Material to process:
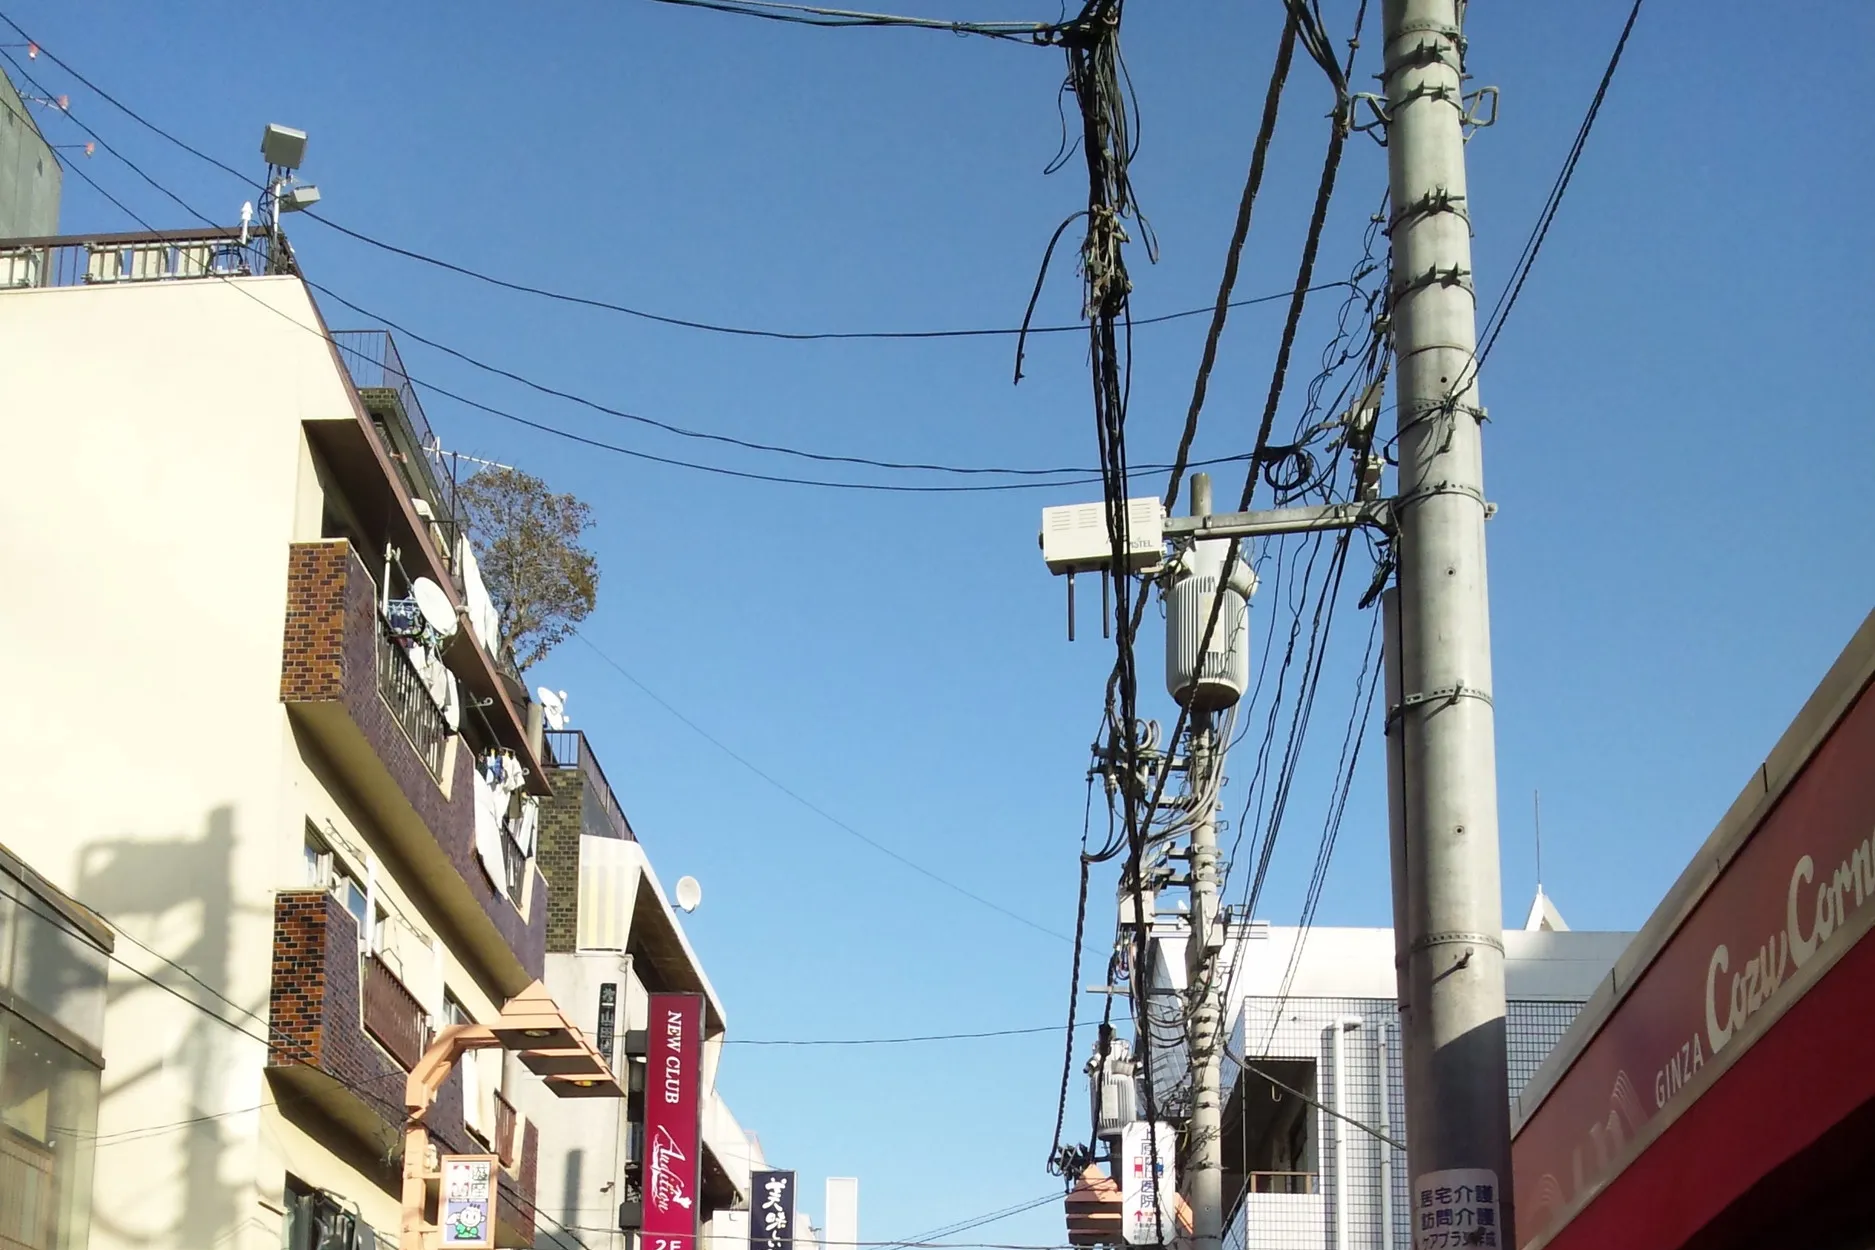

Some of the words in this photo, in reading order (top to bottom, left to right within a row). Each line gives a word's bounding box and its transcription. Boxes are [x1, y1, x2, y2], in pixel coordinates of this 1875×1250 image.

[667, 1010, 682, 1053] NEW
[665, 1055, 681, 1105] CLUB
[1654, 1032, 1705, 1110] GINZA
[1420, 1185, 1494, 1208] 居宅介護
[1421, 1208, 1496, 1231] 訪問介護
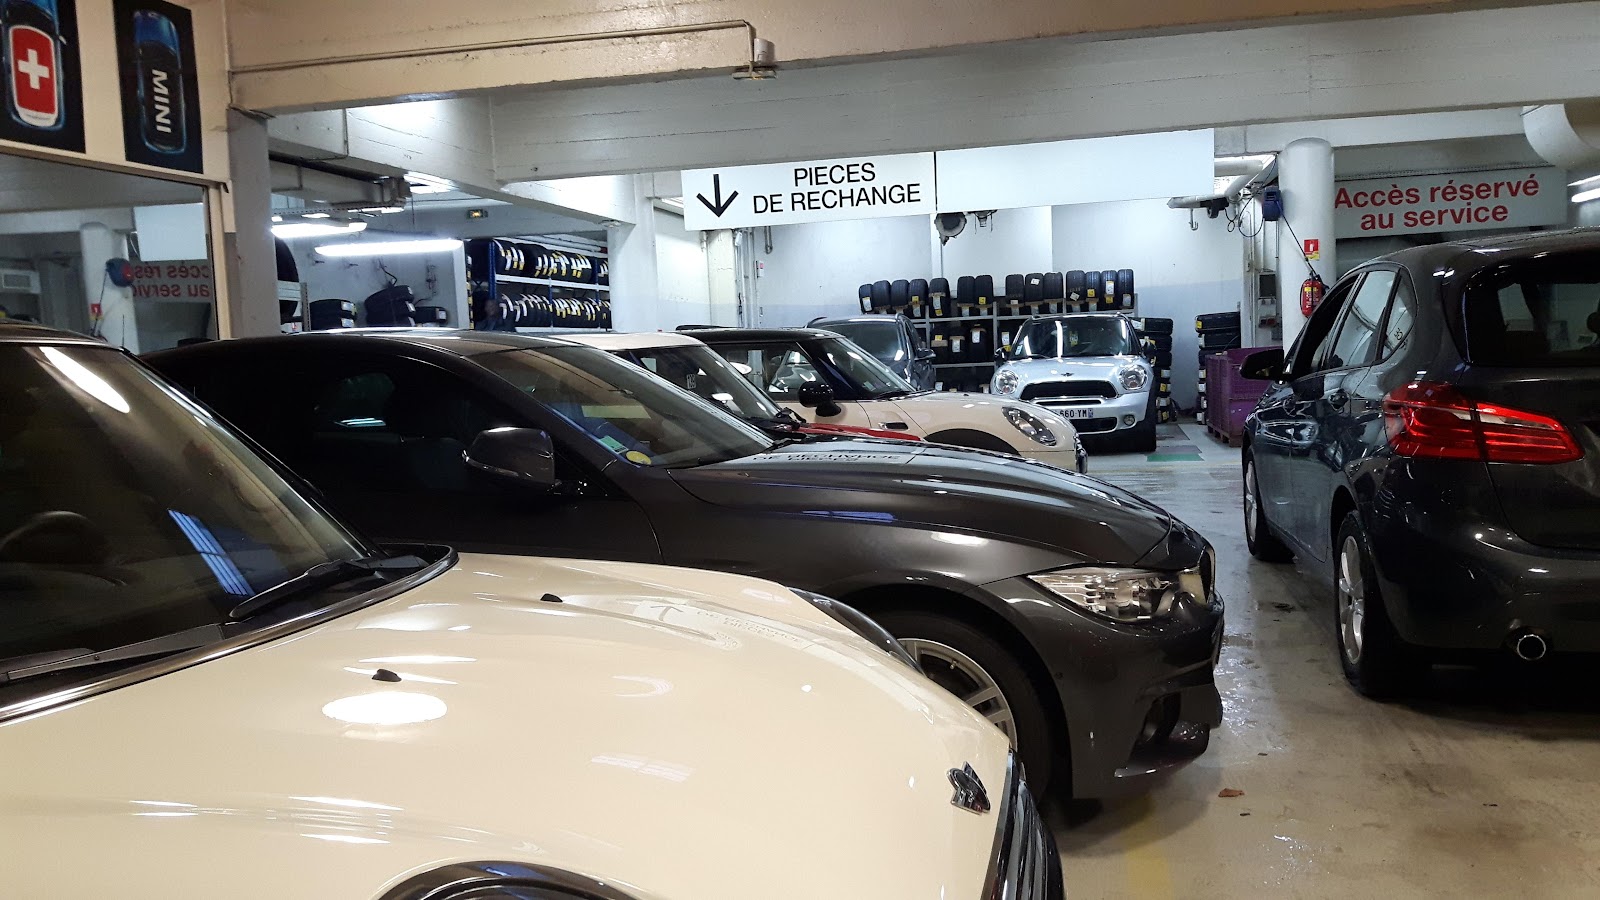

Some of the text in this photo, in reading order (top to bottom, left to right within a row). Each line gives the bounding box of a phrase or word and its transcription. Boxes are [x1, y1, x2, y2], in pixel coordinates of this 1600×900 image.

[152, 68, 171, 133] MINI
[794, 162, 876, 187] PIECES
[753, 183, 921, 213] DE RECHANGE
[1334, 173, 1539, 209] Accès réservé
[1360, 202, 1508, 231] au service

Description of the task: An exact printout of the listing is needed, minus any pictures it contains.

Response to the task:
Some of the words in this photo, in reading order (top to bottom, left to right within a row). Each line gives a word's bounding box and its transcription. Boxes are [x1, y1, x2, y2], in pixel coordinates of this 1875×1250 image.

[667, 1010, 682, 1053] NEW
[665, 1055, 681, 1105] CLUB
[1654, 1032, 1705, 1110] GINZA
[1420, 1185, 1494, 1208] 居宅介護
[1421, 1208, 1496, 1231] 訪問介護

Some of the text in this photo, in reading order (top to bottom, left to right within a row). Each line gives the bounding box of a phrase or word and its transcription. Boxes are [x1, y1, x2, y2], in pixel coordinates of this 1600×900 image.

[152, 68, 171, 133] MINI
[794, 162, 876, 187] PIECES
[753, 183, 921, 213] DE RECHANGE
[1334, 173, 1539, 209] Accès réservé
[1360, 202, 1508, 231] au service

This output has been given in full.